[Work to complete]
Write back every entry exactly as it reads, with the pictures left behind.

(Annotated photo localization data)
*****
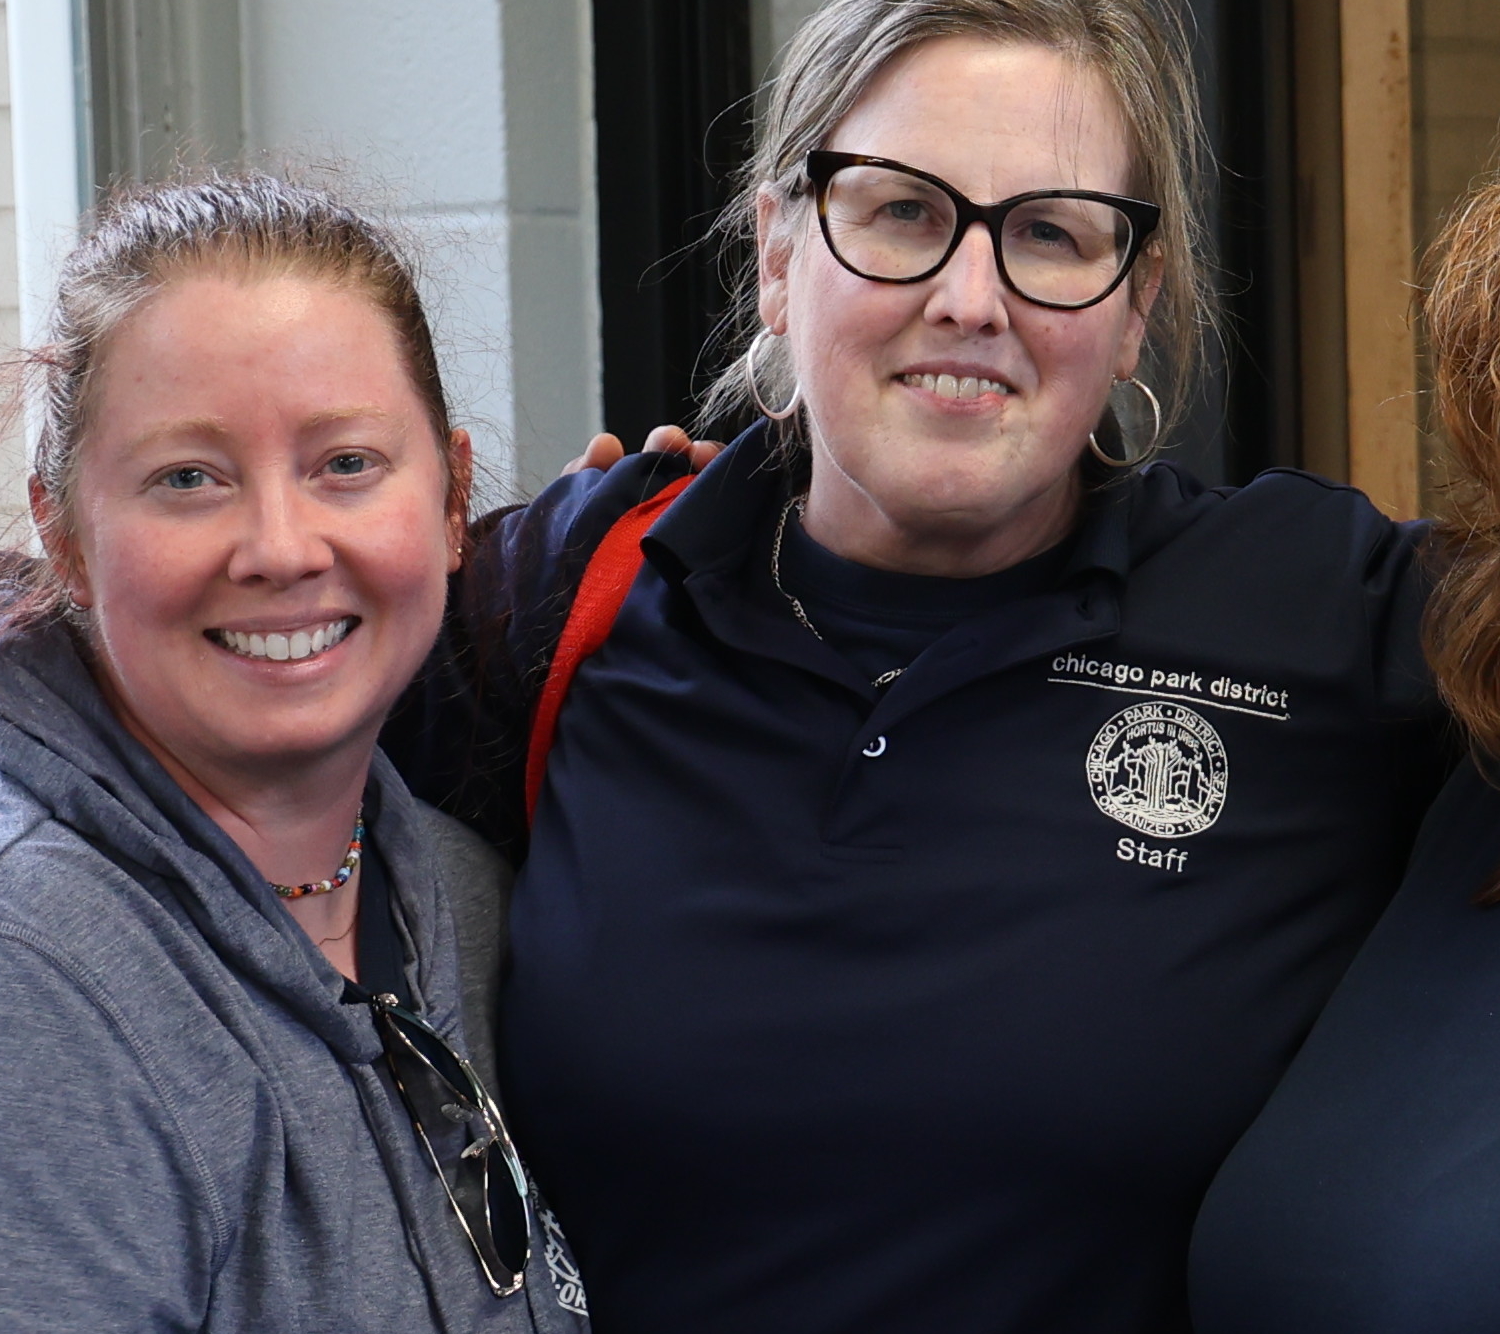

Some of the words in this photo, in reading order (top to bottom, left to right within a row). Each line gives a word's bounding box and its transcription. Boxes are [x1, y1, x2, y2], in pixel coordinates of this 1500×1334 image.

[1052, 652, 1144, 684] chicago
[1150, 667, 1202, 693] park
[1210, 677, 1289, 708] district
[1089, 719, 1118, 783] CHICAGO
[1123, 704, 1164, 725] PARK
[1174, 708, 1224, 760] DISTRICT
[1213, 770, 1226, 805] SEAL
[1099, 795, 1176, 835] ORGANIZED
[1116, 837, 1189, 873] Staff
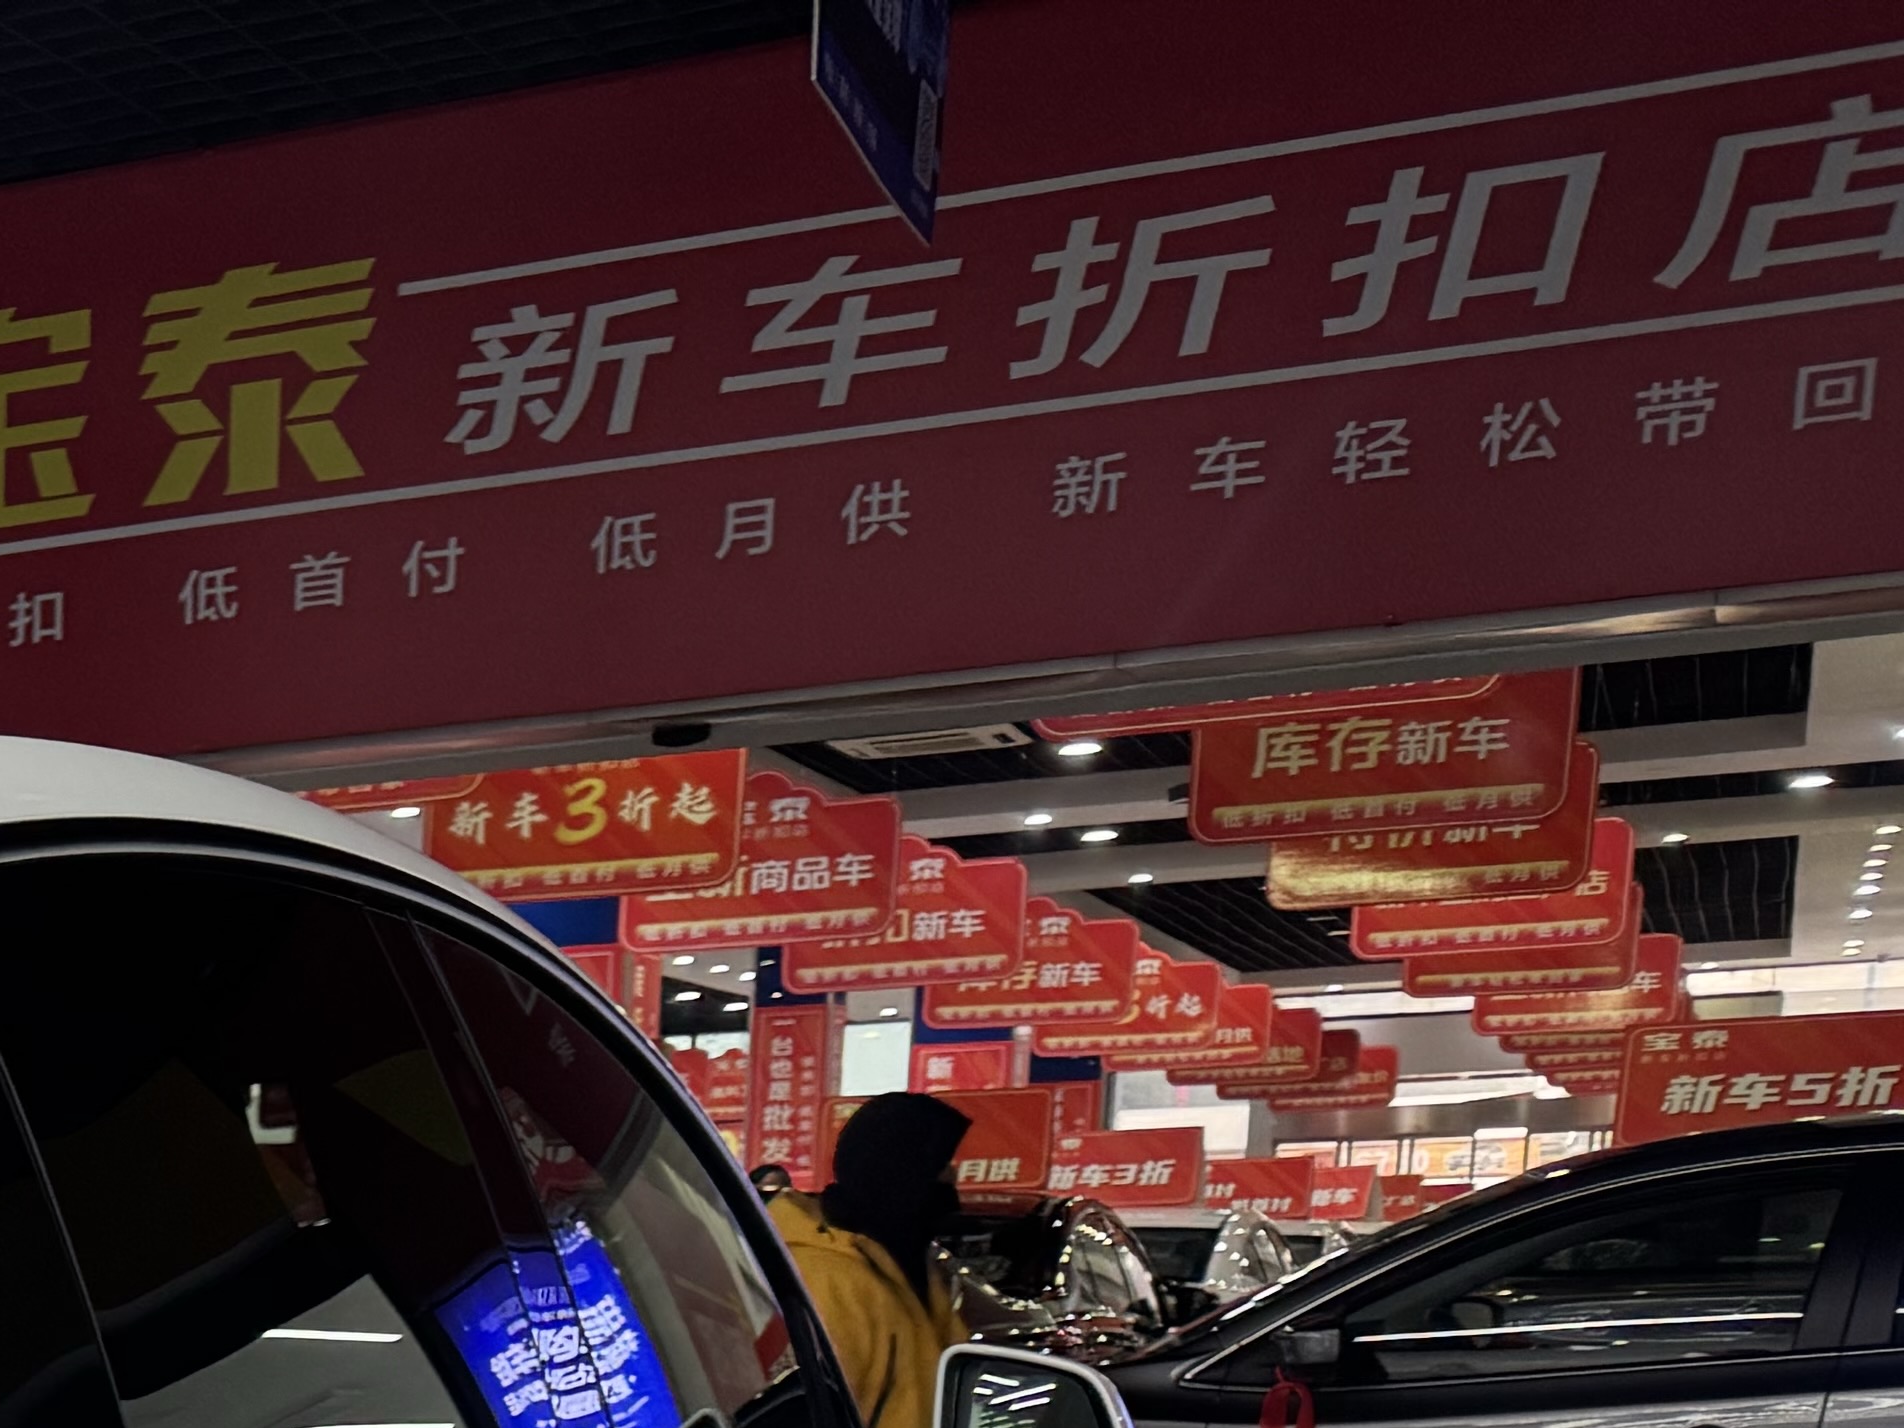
*****
[Response to this task]
Some of the words in this photo, in reading order (top to bottom, left to right within a row). Each line gives a word's bounding box and its transcription. Boxes are [x1, y1, x2, y2], in pixel coordinates of this 1500×1334 image.

[1052, 652, 1144, 684] chicago
[1150, 667, 1202, 693] park
[1210, 677, 1289, 708] district
[1089, 719, 1118, 783] CHICAGO
[1123, 704, 1164, 725] PARK
[1174, 708, 1224, 760] DISTRICT
[1213, 770, 1226, 805] SEAL
[1099, 795, 1176, 835] ORGANIZED
[1116, 837, 1189, 873] Staff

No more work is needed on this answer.